The implication here is that somehow the currency exchange rate is independent of WCS oil price in USD terms, which I find hard to believe if Canadian regulated banks are financing oil inventories in USD...
JPM: Without more softness in the loonie, the next domino In canada's oil patch could fall https://t.co/0dPh7Dr7Ye pic.twitter.com/QIX4RtPnsL
— Bloomberg Markets (@markets) January 18, 2016
3 comments:
The value of CAD is mainly driven by cross-border capital flows, not trade flows. The currency is not going to move fast enough to keep one particular commodity price constant in CAD terms; there are massive trade flows in other commodities, goods and services as well. As for financing, as the article states, the production costs are in CAD, so they would need CAD financing.
Brian from Ramanan's Kaldor thing the other day:
"whilst a fall in commodity prices tends to be an effective instrument in moving the terms of trade against the primary producers, a rise in commodity prices is not likely to be nearly as effective in moving the terms of trade in their favour. It is partly also a consequence of an asymmetry in the behavioural consequences as between a gain and a loss of real income, the result of which is that any sudden shift in the distribution of world income, caused by a change in the terms of trade, is likely to have an adverse effect on industrial demand (in real terms)."

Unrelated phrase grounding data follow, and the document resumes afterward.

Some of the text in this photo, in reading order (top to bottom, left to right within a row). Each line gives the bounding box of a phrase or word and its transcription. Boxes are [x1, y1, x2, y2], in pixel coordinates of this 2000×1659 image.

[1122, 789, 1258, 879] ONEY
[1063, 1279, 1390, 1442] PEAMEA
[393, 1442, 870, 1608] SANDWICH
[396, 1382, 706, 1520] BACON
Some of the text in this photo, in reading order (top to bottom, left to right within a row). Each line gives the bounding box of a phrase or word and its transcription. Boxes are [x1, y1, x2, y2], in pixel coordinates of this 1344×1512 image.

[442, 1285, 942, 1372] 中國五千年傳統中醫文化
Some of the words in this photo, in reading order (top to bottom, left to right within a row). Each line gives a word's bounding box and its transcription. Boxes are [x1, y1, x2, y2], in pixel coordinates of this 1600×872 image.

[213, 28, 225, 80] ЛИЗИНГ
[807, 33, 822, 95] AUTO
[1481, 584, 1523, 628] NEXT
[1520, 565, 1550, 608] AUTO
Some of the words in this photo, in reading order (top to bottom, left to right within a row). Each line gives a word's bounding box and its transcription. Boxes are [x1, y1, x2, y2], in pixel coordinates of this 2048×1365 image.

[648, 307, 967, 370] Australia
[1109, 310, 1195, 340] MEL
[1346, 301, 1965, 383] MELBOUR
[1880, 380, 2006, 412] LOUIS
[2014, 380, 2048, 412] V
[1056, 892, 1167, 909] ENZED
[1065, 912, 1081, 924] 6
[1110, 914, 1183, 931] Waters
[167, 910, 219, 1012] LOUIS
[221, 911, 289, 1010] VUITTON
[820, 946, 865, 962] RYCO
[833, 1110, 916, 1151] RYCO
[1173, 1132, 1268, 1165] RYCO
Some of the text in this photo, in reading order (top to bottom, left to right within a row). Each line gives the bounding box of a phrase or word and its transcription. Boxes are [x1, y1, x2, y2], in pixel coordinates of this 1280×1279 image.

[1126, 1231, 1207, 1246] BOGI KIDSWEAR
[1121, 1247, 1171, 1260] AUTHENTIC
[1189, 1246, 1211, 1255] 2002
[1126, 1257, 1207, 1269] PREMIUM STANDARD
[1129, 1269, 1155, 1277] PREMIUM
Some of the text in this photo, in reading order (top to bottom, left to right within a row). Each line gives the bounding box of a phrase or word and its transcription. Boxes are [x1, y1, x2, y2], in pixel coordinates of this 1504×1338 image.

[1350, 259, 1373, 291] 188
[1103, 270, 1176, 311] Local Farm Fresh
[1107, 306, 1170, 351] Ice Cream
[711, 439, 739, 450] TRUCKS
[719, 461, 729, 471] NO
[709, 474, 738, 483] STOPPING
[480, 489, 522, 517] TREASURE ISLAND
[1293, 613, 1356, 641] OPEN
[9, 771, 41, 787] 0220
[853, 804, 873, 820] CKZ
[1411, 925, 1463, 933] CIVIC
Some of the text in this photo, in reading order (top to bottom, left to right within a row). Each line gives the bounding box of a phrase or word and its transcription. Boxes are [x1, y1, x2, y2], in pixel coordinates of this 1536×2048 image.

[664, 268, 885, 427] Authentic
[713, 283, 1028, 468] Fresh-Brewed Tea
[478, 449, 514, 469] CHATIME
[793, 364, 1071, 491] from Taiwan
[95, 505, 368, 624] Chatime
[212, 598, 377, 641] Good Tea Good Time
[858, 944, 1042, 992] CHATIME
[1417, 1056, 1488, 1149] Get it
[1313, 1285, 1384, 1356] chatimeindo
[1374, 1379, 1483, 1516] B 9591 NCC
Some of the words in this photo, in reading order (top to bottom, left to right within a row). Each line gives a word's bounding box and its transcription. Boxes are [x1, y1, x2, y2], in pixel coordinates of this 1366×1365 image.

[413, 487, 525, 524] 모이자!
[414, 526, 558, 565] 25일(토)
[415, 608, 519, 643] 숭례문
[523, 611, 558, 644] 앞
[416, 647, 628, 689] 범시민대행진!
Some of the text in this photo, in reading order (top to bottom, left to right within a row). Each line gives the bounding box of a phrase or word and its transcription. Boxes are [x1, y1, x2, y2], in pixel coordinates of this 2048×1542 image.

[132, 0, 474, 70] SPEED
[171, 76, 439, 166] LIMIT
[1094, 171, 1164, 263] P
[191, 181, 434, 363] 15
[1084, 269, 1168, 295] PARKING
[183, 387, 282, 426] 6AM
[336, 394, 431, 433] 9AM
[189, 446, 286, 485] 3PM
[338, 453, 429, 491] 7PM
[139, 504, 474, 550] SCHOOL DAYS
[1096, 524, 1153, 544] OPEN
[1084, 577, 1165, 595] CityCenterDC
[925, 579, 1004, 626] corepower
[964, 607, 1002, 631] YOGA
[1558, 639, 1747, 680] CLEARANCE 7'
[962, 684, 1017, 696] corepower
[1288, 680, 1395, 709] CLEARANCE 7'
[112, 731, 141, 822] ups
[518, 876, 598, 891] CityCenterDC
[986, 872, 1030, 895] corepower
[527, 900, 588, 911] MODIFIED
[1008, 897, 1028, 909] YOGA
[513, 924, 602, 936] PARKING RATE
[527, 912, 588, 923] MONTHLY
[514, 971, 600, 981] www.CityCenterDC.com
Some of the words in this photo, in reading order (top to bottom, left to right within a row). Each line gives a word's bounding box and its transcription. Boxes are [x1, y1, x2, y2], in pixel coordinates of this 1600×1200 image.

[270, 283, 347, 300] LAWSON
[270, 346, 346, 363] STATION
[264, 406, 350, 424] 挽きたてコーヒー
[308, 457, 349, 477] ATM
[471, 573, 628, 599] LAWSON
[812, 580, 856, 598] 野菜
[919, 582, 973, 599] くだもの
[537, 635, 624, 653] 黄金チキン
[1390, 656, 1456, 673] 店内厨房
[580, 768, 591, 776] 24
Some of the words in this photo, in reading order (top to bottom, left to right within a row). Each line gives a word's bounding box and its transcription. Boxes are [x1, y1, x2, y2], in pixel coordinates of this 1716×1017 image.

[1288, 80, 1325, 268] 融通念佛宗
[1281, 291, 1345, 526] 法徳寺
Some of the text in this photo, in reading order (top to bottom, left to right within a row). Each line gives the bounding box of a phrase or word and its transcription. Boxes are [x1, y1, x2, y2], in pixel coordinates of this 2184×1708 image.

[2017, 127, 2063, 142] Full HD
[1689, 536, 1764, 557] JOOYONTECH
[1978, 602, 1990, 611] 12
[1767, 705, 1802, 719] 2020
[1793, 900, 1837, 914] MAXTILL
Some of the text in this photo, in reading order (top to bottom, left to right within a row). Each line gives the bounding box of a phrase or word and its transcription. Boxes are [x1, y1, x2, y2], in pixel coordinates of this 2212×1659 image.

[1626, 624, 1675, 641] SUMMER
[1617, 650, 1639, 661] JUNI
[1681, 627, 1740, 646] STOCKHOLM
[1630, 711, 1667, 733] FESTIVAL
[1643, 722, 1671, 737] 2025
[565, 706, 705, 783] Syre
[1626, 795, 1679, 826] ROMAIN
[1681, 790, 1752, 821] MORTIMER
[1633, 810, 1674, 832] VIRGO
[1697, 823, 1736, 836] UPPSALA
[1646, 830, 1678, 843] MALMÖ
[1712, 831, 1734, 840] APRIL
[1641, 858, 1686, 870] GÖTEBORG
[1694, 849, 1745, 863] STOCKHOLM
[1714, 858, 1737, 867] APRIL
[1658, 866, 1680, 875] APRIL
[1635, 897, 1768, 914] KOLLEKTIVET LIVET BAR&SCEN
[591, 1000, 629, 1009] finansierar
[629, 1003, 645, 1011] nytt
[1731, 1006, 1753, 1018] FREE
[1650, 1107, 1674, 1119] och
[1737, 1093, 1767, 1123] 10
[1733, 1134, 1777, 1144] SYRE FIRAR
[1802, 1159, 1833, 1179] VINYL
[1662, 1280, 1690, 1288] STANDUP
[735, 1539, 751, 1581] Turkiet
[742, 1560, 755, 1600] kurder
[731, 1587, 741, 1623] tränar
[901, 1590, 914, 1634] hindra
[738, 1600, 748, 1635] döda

Here: "a fall in commodity prices tends to be an effective instrument in moving the terms of trade against the primary producers"
How are the new terms of trade quantified? They are quantified in the new exchange rate...
"there are massive trade flows in other commodities, goods and services as well. "
But if the price of those items does not change in USD terms then they dont matter...
Look at the dynamics in Fluid Balance in cell biology, you have Na and K in concentration on both sides of the regulatory membrane in equilibrium; now if Na concentration on one side is increased (you eat a whole bag of potato chips...), you just cant say, "well that doesnt matter because there wasnt any K in the chips only Na..."
https://en.wikipedia.org/wiki/Fluid_balance
If the K concentrations on either side are unchanged, then the resultant fluid flow will be solely based on the change in the Na concentration, but flow WILL result... and a new equilibrium state will be reached even though K concentration has remained unchanged...
this is the basic way regulated systems operate...
I would have to think about your fluid balance comments.
But with regards to pricing - the prices of other goods and services are less volatile than oil, and so Canadian exporters are seeing rising CAD prices when they sell into the US. The manufacturers in eastern Canada are in much better shape than they were a few years ago. The only issue is whether demand will stable in the US.
Canada looks like a commodity producer from the perspective of investors because those are the firms that they can buy; but the real economy is somewhat more diversified.